I first explored this compound six-and-a-half years ago, but it’s worth a second look. For when the universe’s first- and fourth-most-abundant elements combine, the result is often a gas that, surprisingly, has recently cleaned up our air. It’s methane. Most folks call it natural gas. It’s also known as marsh gas and swamp gas, since it’s released by decomposing plants.

It has generated some local controversy because of vast methane reserves 8,000 feet below south-central New York and northern Pennsylvania: the Marcellus shale. Using the technique of hydrofracking, companies are extracting it very profitably – but not in New York, where fracking is not permitted. Because of this cheap extraction, it is steadily replacing coal as the source of US electrical generation.

Indeed, in 2008 coal-burning generated 50 percent of the nation’s electricity. Last year coal was down to just 35 percent. And since coal is so incredibly dirty, the air is now much cleaner. That’s right, wrap your head around this: Fracking – even more than growing solar and wind utilization – is responsible for reduced carbon emissions and cleaner air to date.

Some are so opposed to methane that they cannot bring themselves to call it natural gas without putting the “natural” in quotes, which looks silly. In reality, natural gas creates about 30 percent less carbon dioxide than oil, and about 45 percent less than burning coal.

This makes sense. Methane is CH4, meaning it has only a single carbon atom mixed with its four hydrogen atoms, and it is the latter that mostly creates the energy. By comparison, coal is a mixture of compounds and thus does not have a single formula, but if you considered it as an aggregate, it would be something like C135H96O9 – meaning that it has lots more carbon than hydrogen, much of which gets released as soot and CO2.

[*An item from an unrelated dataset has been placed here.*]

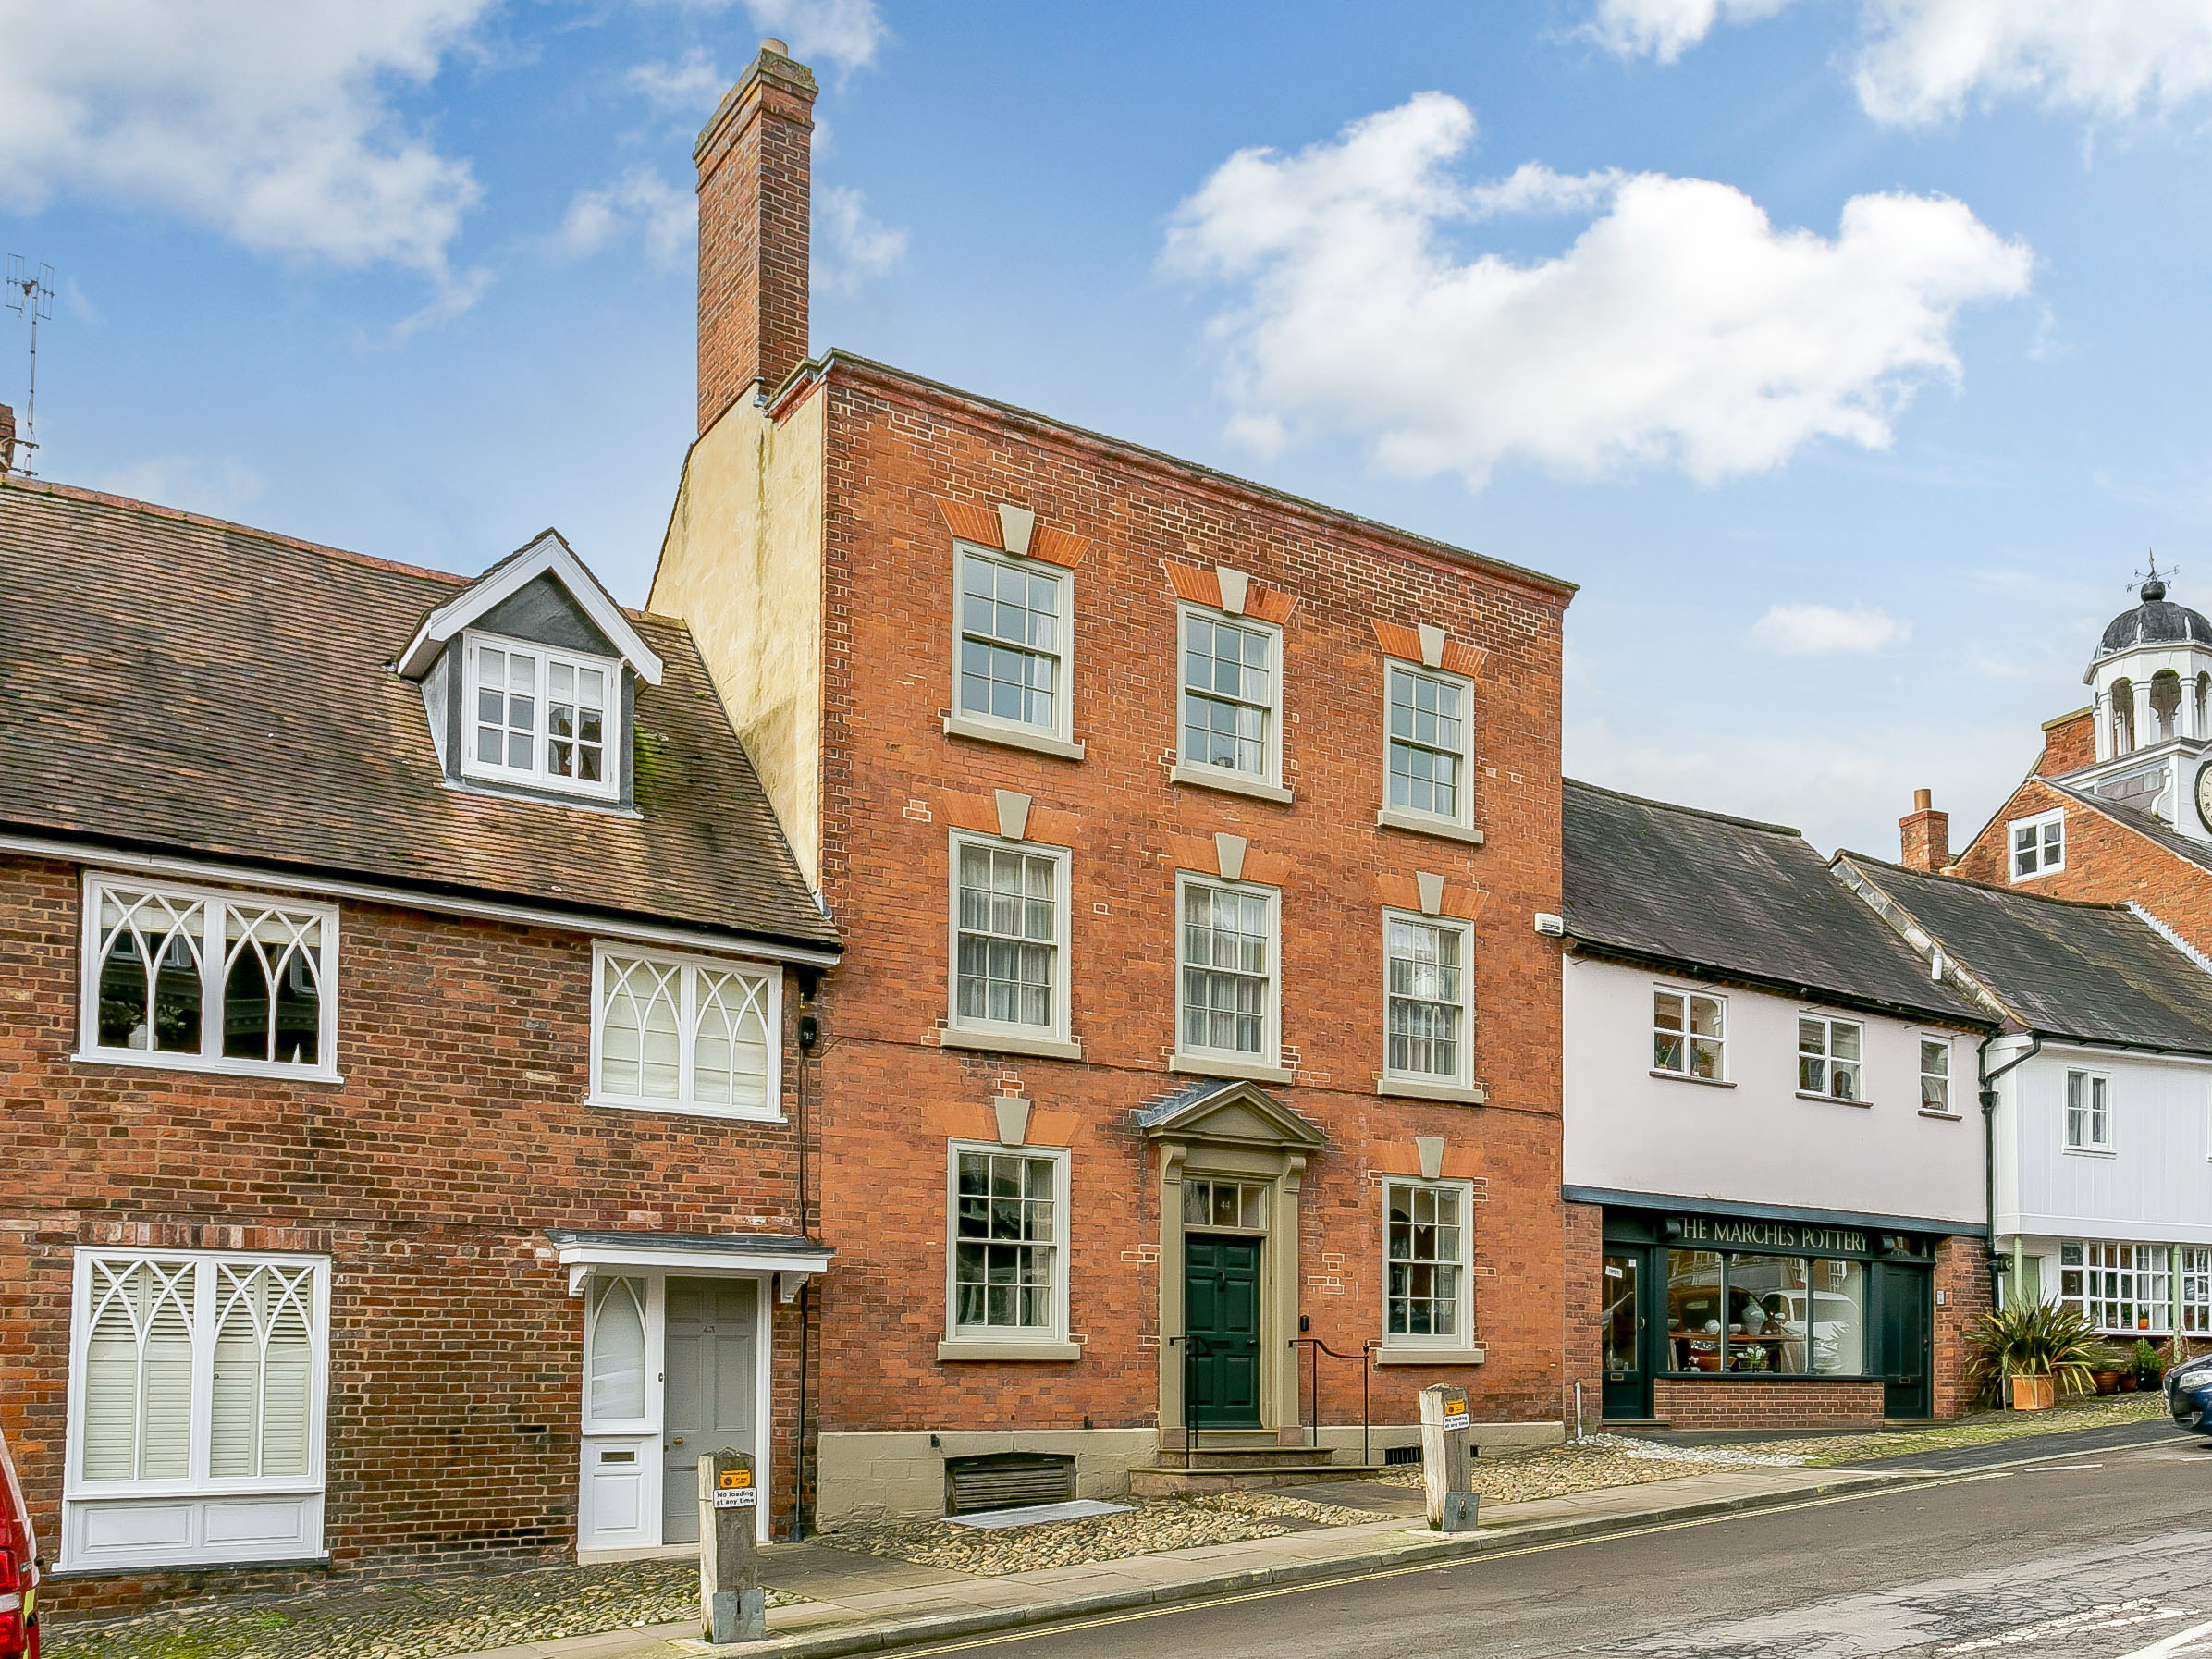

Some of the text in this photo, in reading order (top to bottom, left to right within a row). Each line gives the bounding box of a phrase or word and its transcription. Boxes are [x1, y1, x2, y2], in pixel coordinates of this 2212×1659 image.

[1220, 1200, 1230, 1210] 44
[1678, 1217, 1868, 1252] HE MARCHES POTTERY
[703, 1325, 716, 1334] 43

Methane is abundant on Jupiter and Saturn. On Uranus, it’s responsible for that world’s green color, since the gas absorbs the Sun’s red light but lets the green and blue bounce back to our eyes. Through binoculars, it’s therefore easy to see the fingerprint of this gas in space. In two weeks, on October 19, Uranus, in Pisces, will be at its closest to Earth and can actually be faintly glimpsed by the naked eye! I haven’t seen it naked-eye since the 1970s, so I’m looking forward to seeking it out this coming week, when the Moon will have left the area, leaving the required black skies.

Misconceptions abound. Most people think methane is the major component of flatus (the technical term for the gas expelled when you “pass wind”). If you’ve ever put a match to your flatus (presumably as an adolescent, and more likely if you are male), it was indeed methane that caused the burst of blue flame. However, flatus (okay, fart gas) is mostly non-flammable nitrogen and carbon dioxide. Methane is no more than ten percent. Nearly half of all adults have so little of it in their flatus that they would not be able to set it aflame. Which group are you in, do you suppose?

Cows, too, have had unfair bad press about methane. While livestock are indeed responsible for about 20 percent of the world’s methane emissions, fully 90 to 95 percent of that is released from their noses and mouths. This is the notorious “cow breath” that sometimes spoils first dates among livestock. Only five or at most ten percent gets expelled from the part that doesn’t say “Moo.”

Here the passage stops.